[Work to be completed]:
Look in the data below for the line that contains "this 2357×1568 image.". Copy that line and the remaining lines exactly.
Start of Supplied records
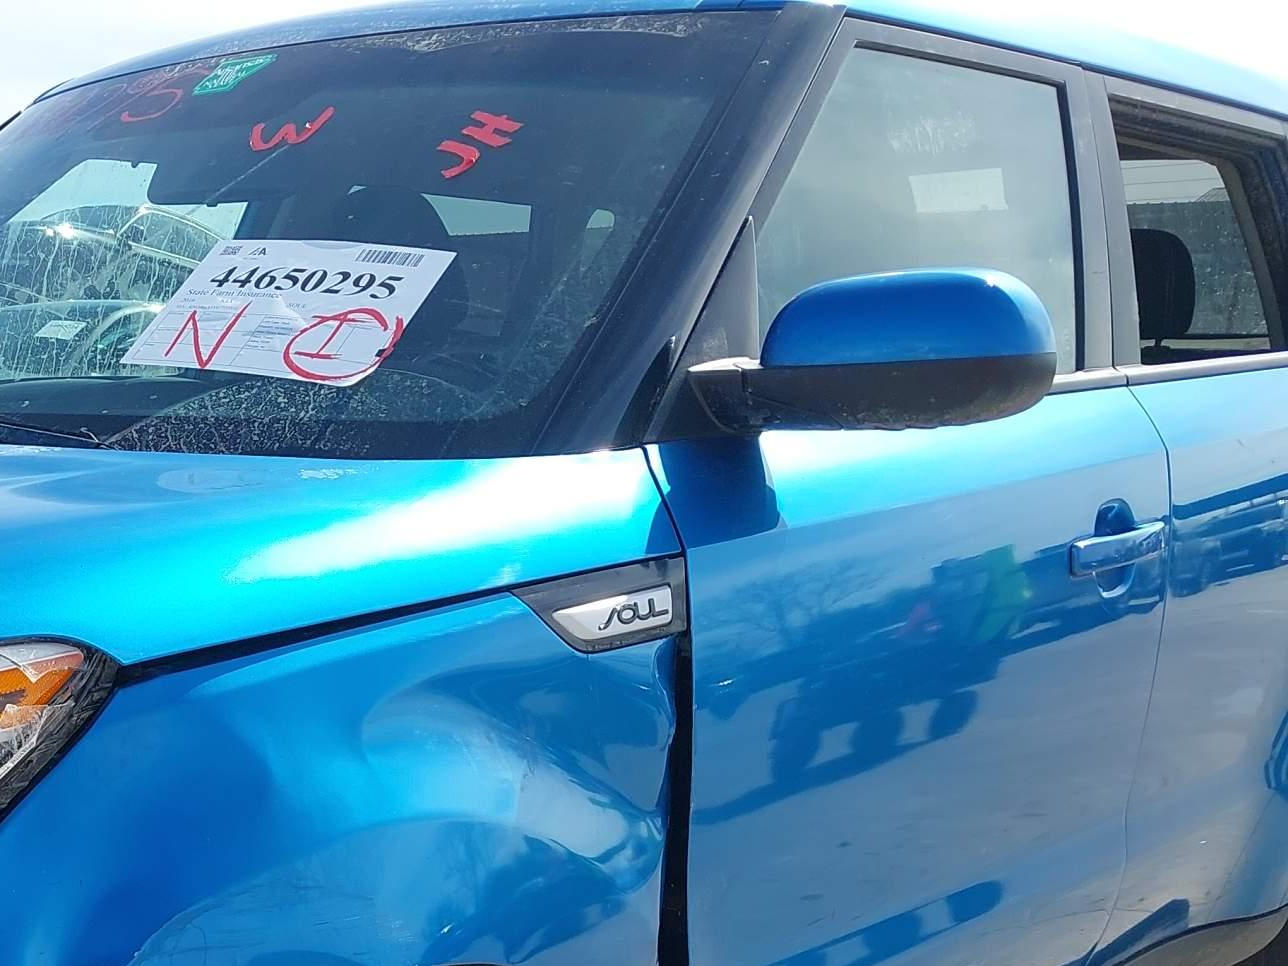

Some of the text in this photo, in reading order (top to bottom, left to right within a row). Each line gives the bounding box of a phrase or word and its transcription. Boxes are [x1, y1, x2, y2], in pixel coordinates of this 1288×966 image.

[187, 288, 282, 299] State Farm Insurance
[210, 266, 405, 300] 44650295
[163, 300, 252, 369] N
[598, 598, 669, 631] SOUL
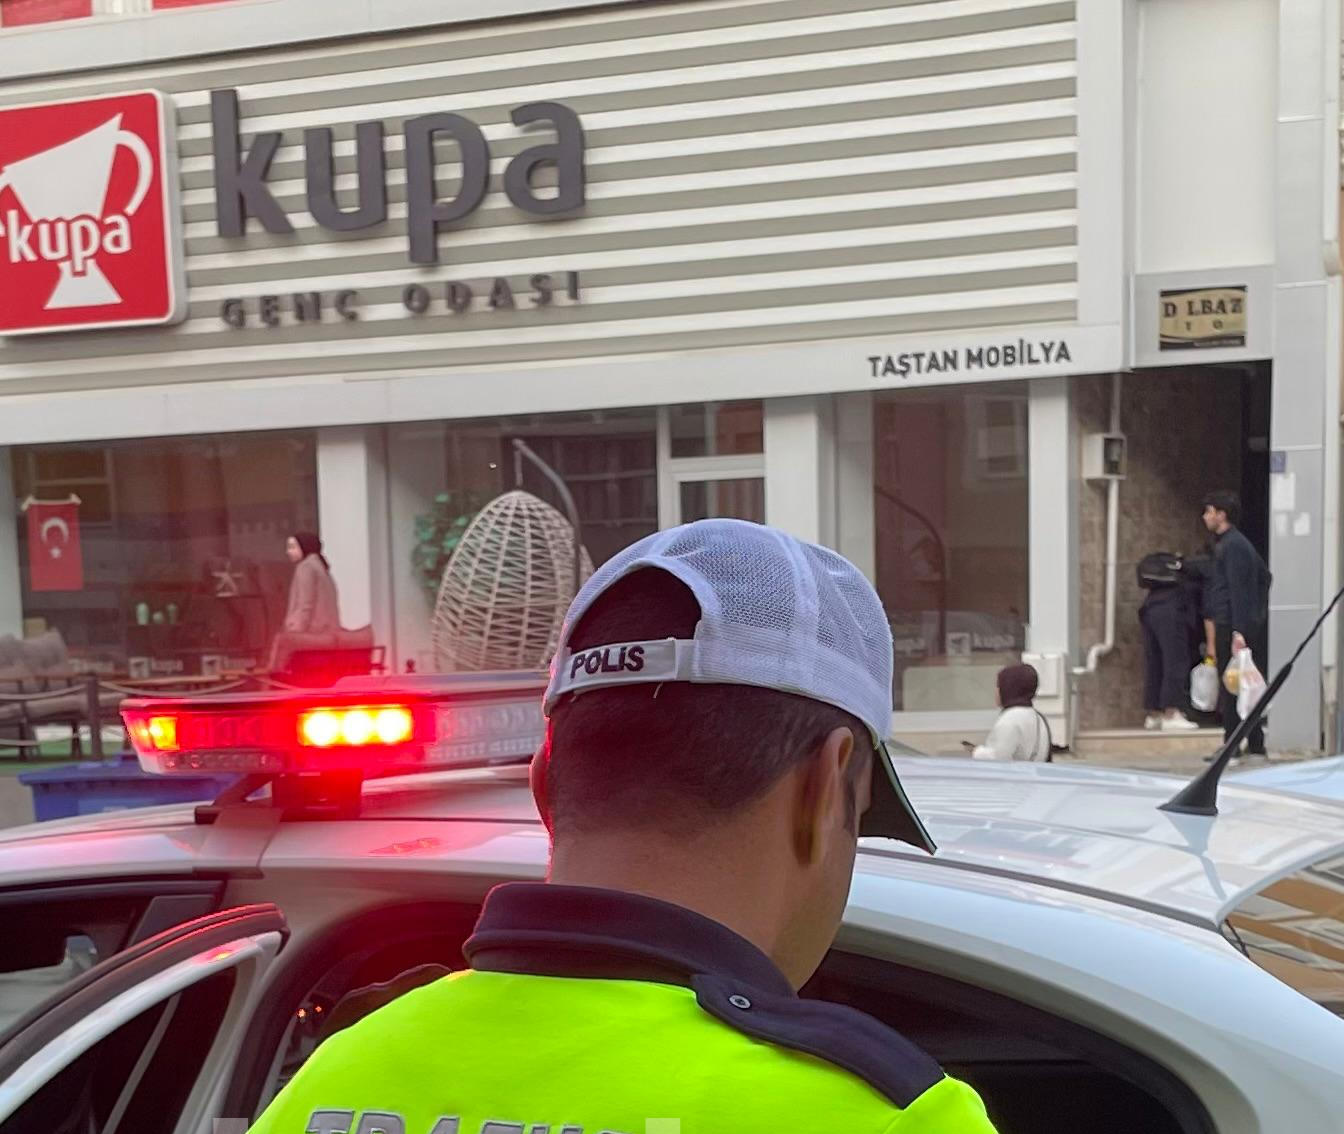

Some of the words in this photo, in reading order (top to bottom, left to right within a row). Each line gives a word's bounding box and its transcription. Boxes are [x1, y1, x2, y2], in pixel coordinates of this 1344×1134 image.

[209, 88, 586, 264] kupa
[7, 214, 132, 278] kupa
[222, 290, 361, 329] GENÇ
[403, 271, 584, 314] ODASI
[868, 351, 957, 378] TAŞTAN
[966, 339, 1072, 370] MOBİLYA
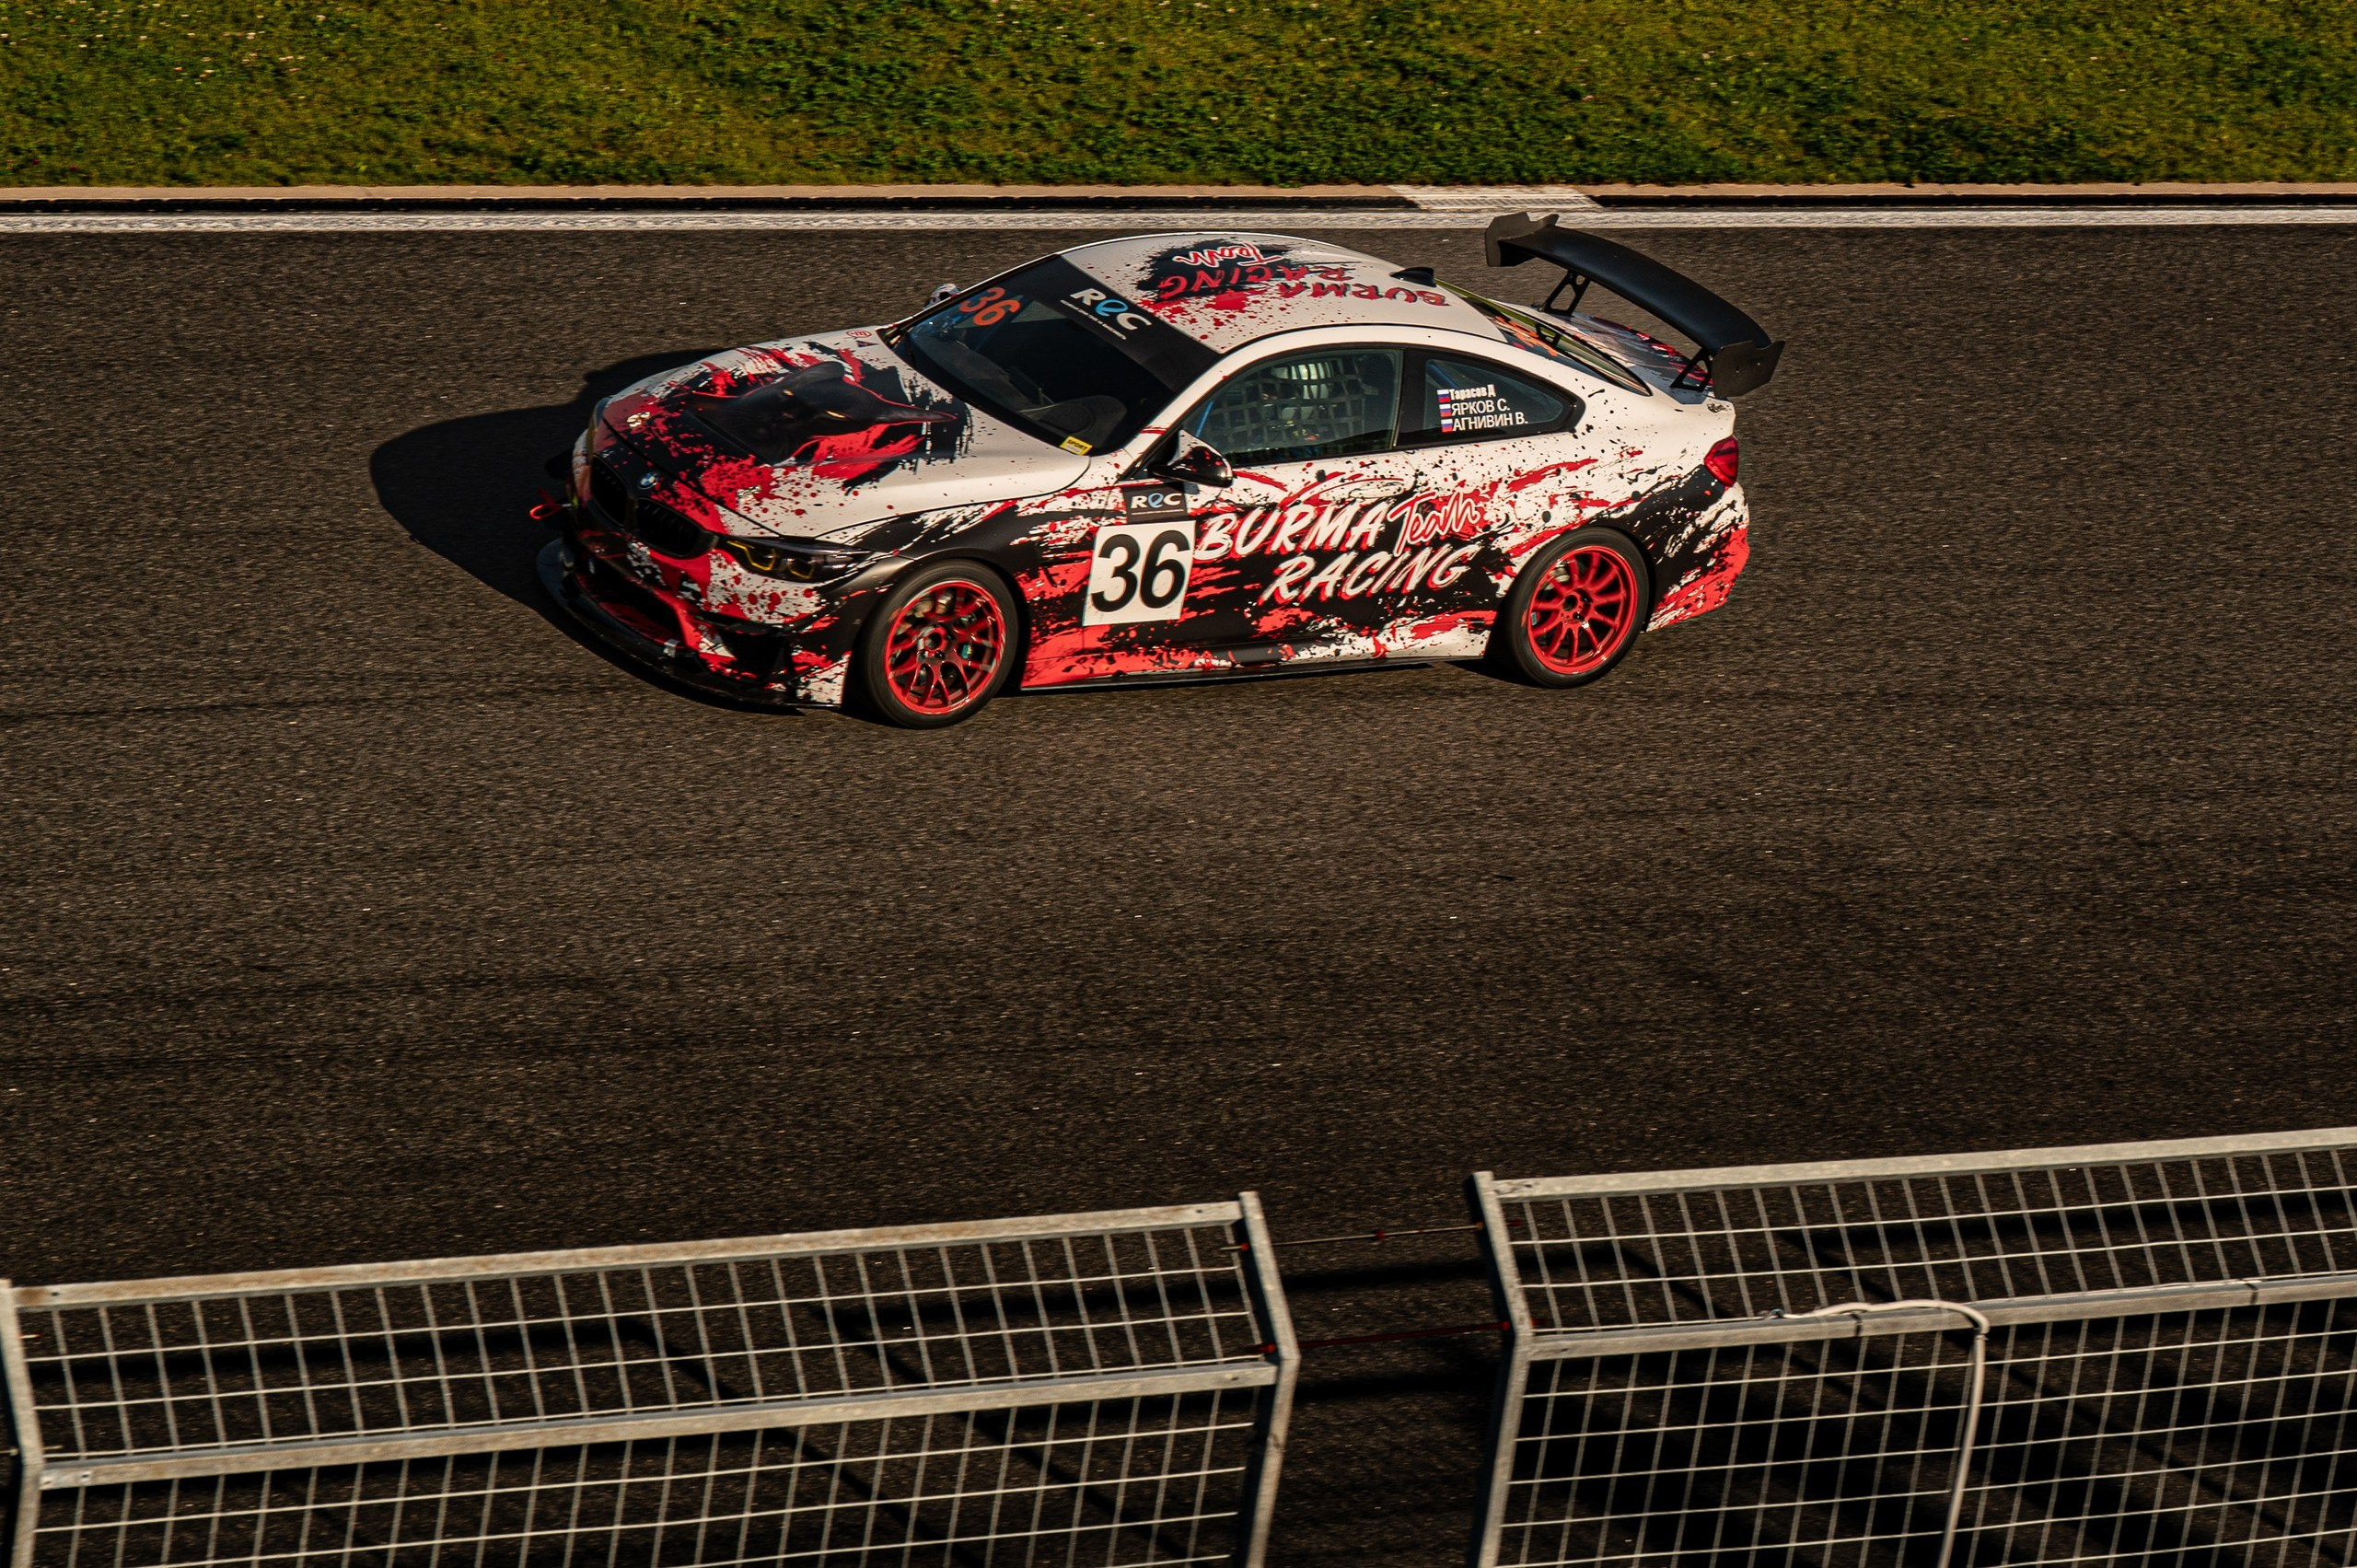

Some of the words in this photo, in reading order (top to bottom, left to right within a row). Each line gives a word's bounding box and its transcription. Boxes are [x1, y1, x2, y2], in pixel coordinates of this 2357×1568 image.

[1173, 243, 1283, 267] Team
[1155, 264, 1356, 301] RACING
[1276, 281, 1451, 307] BURMA
[959, 286, 1021, 326] 36
[1449, 387, 1488, 401] Тарасов
[1451, 400, 1495, 416] ЯРКОВ
[1496, 398, 1511, 412] С.
[1452, 412, 1514, 432] АГНИВИН
[1515, 412, 1528, 424] В.
[1068, 439, 1088, 450] SPORT
[1193, 498, 1391, 560] BURMA
[1387, 491, 1480, 557] Team
[1090, 529, 1190, 613] 36
[1250, 542, 1483, 605] RACING
End of Supplied records
[The completed task]:
Some of the words in this photo, in reading order (top to bottom, left to right within a row). Each line gives a word's bounding box and its transcription. Boxes are [x1, y1, x2, y2], in pixel coordinates of this 2357×1568 image.

[1173, 243, 1283, 267] Team
[1155, 264, 1356, 301] RACING
[1276, 281, 1451, 307] BURMA
[959, 286, 1021, 326] 36
[1449, 387, 1488, 401] Тарасов
[1451, 400, 1495, 416] ЯРКОВ
[1496, 398, 1511, 412] С.
[1452, 412, 1514, 432] АГНИВИН
[1515, 412, 1528, 424] В.
[1068, 439, 1088, 450] SPORT
[1193, 498, 1391, 560] BURMA
[1387, 491, 1480, 557] Team
[1090, 529, 1190, 613] 36
[1250, 542, 1483, 605] RACING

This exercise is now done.